Saved data entries

════

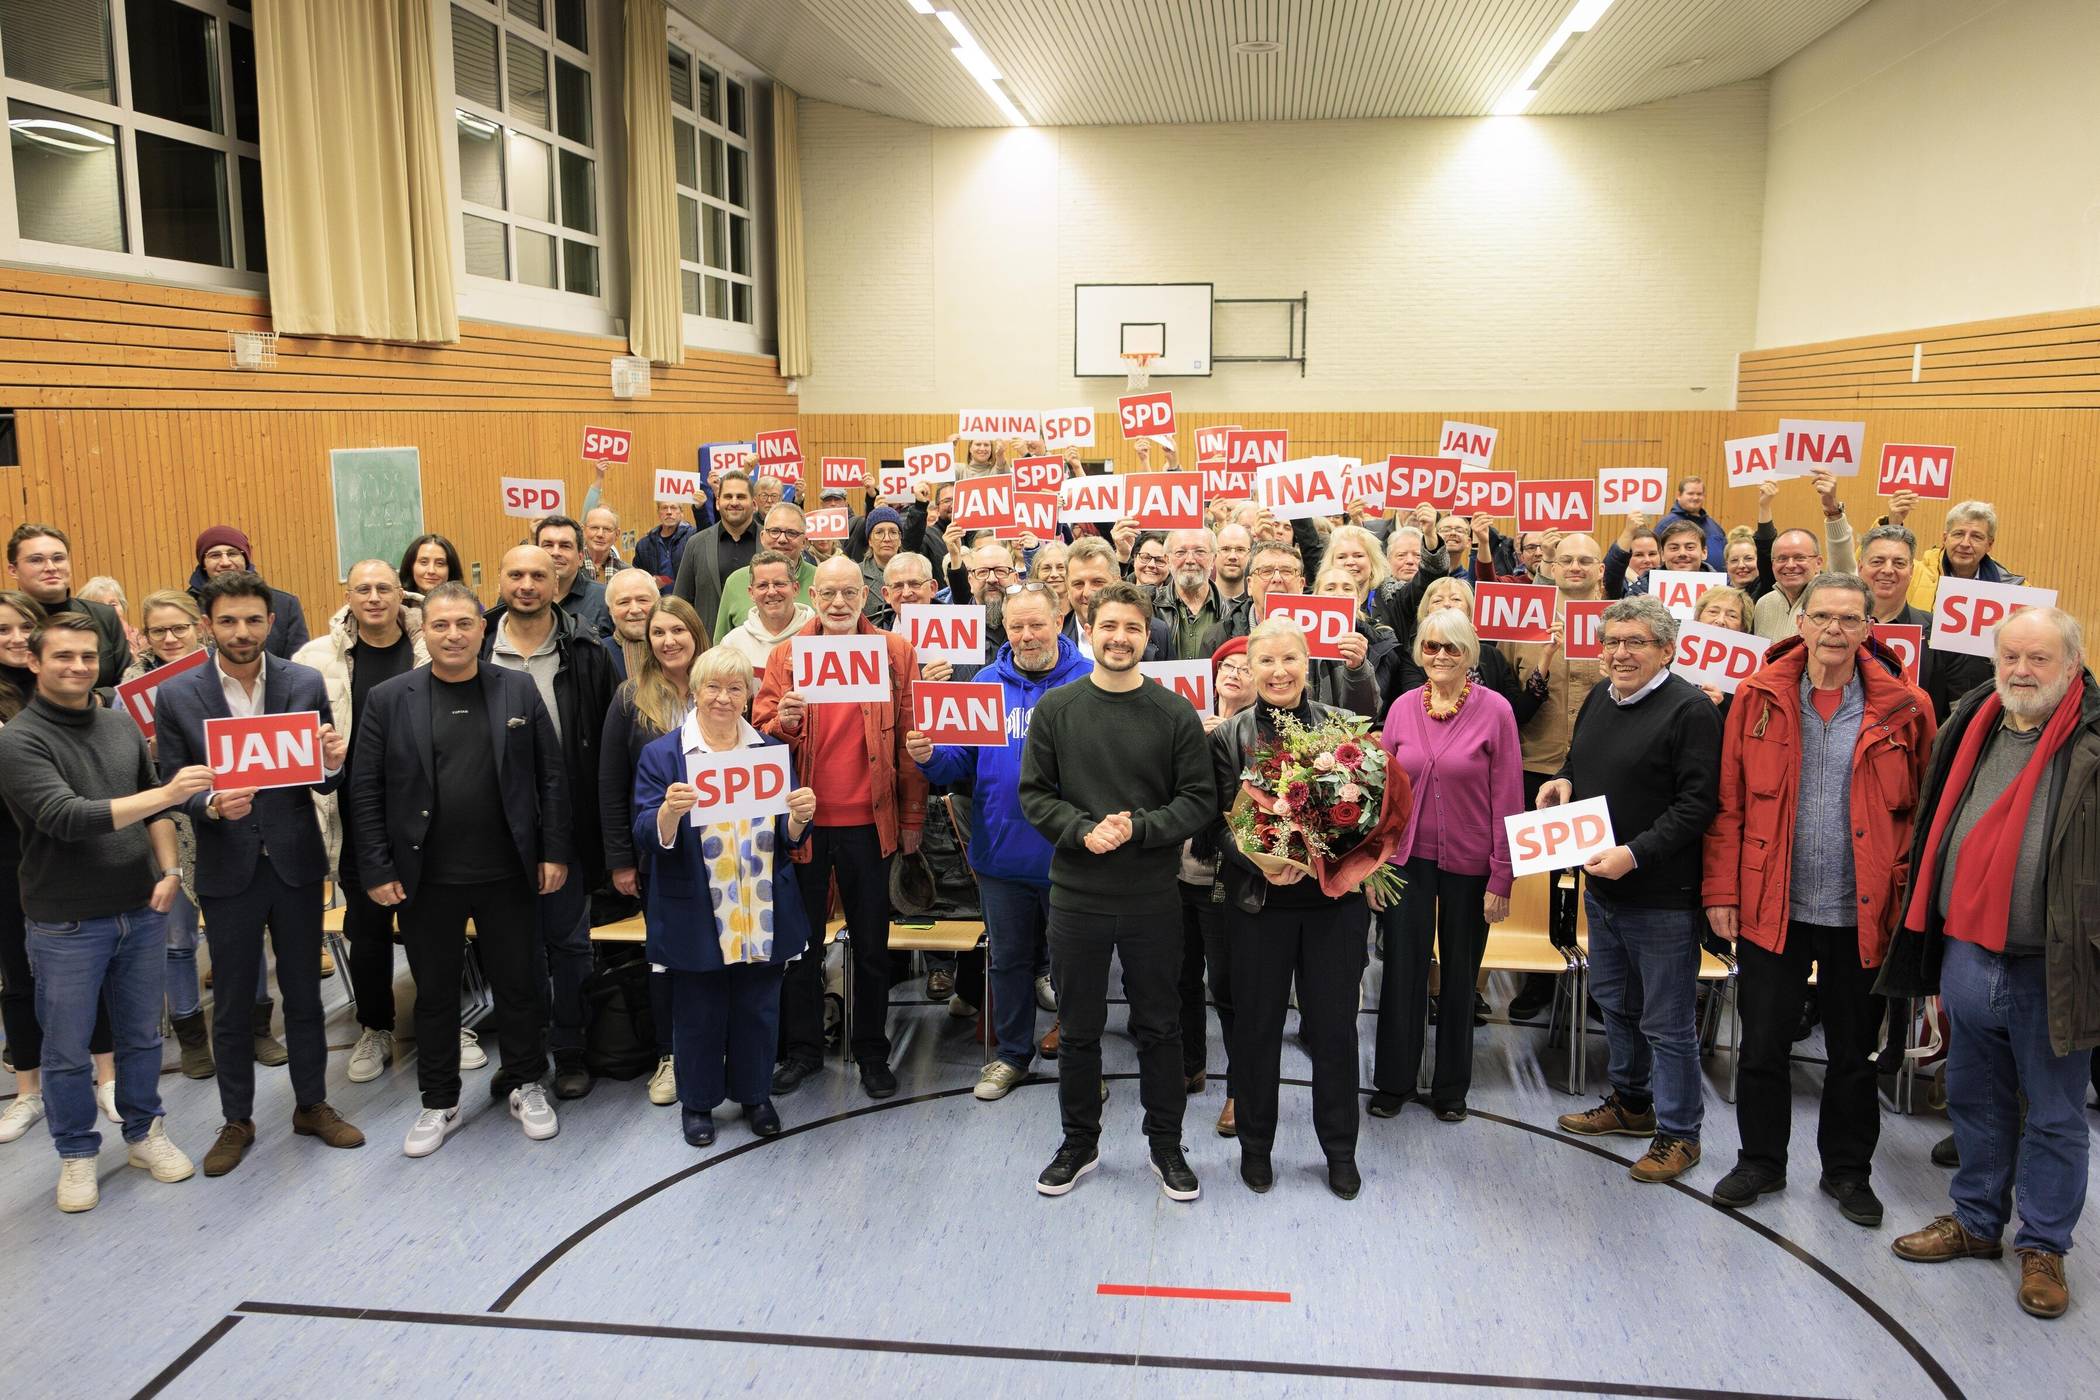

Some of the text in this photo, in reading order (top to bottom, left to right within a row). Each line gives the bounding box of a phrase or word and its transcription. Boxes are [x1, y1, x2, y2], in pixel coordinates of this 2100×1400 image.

[1046, 416, 1091, 440] SPD
[1121, 401, 1171, 429] SPD
[585, 434, 629, 456] SPD
[760, 437, 798, 459] INA
[1200, 433, 1228, 454] IN
[1229, 440, 1283, 464] JAN
[1443, 430, 1491, 457] JAN
[1784, 432, 1854, 463] INA
[826, 463, 862, 482] INA
[908, 452, 951, 476] SPD
[1017, 463, 1063, 488] SPD
[1881, 456, 1947, 487] JAN
[659, 477, 695, 495] INA
[883, 477, 914, 495] SP
[1203, 470, 1248, 491] INA
[1265, 470, 1335, 507] INA
[1390, 467, 1456, 499] SPD
[1455, 481, 1512, 507] SPD
[1603, 478, 1663, 503] SPD
[506, 487, 560, 510] SPD
[954, 486, 1010, 519] JAN
[1063, 486, 1118, 512] JAN
[1128, 485, 1198, 517] JAN
[1525, 491, 1589, 520] INA
[805, 514, 846, 533] SPD
[1014, 502, 1054, 529] AN
[1480, 595, 1548, 630] INA
[1940, 595, 2032, 637] SP
[910, 618, 977, 649] JAN
[798, 650, 881, 687] JAN
[1677, 634, 1758, 680] SPD
[919, 696, 999, 732] JAN
[215, 728, 315, 775] JAN
[695, 763, 785, 808] SPD
[1515, 814, 1606, 861] SPD

════

* [What you will do]:
Omit the pictures and copy the records above exactly.

* [Task result]:
Some of the text in this photo, in reading order (top to bottom, left to right within a row). Each line gives the bounding box of a phrase or word and its transcription. Boxes are [x1, y1, x2, y2], in pixel coordinates of this 2100×1400 image.

[1046, 416, 1091, 440] SPD
[1121, 401, 1171, 429] SPD
[585, 434, 629, 456] SPD
[760, 437, 798, 459] INA
[1200, 433, 1228, 454] IN
[1229, 440, 1283, 464] JAN
[1443, 430, 1491, 457] JAN
[1784, 432, 1854, 463] INA
[826, 463, 862, 482] INA
[908, 452, 951, 476] SPD
[1017, 463, 1063, 488] SPD
[1881, 456, 1947, 487] JAN
[659, 477, 695, 495] INA
[883, 477, 914, 495] SP
[1203, 470, 1248, 491] INA
[1265, 470, 1335, 507] INA
[1390, 467, 1456, 499] SPD
[1455, 481, 1512, 507] SPD
[1603, 478, 1663, 503] SPD
[506, 487, 560, 510] SPD
[954, 486, 1010, 519] JAN
[1063, 486, 1118, 512] JAN
[1128, 485, 1198, 517] JAN
[1525, 491, 1589, 520] INA
[805, 514, 846, 533] SPD
[1014, 502, 1054, 529] AN
[1480, 595, 1548, 630] INA
[1940, 595, 2032, 637] SP
[910, 618, 977, 649] JAN
[798, 650, 881, 687] JAN
[1677, 634, 1758, 680] SPD
[919, 696, 999, 732] JAN
[215, 728, 315, 775] JAN
[695, 763, 785, 808] SPD
[1515, 814, 1606, 861] SPD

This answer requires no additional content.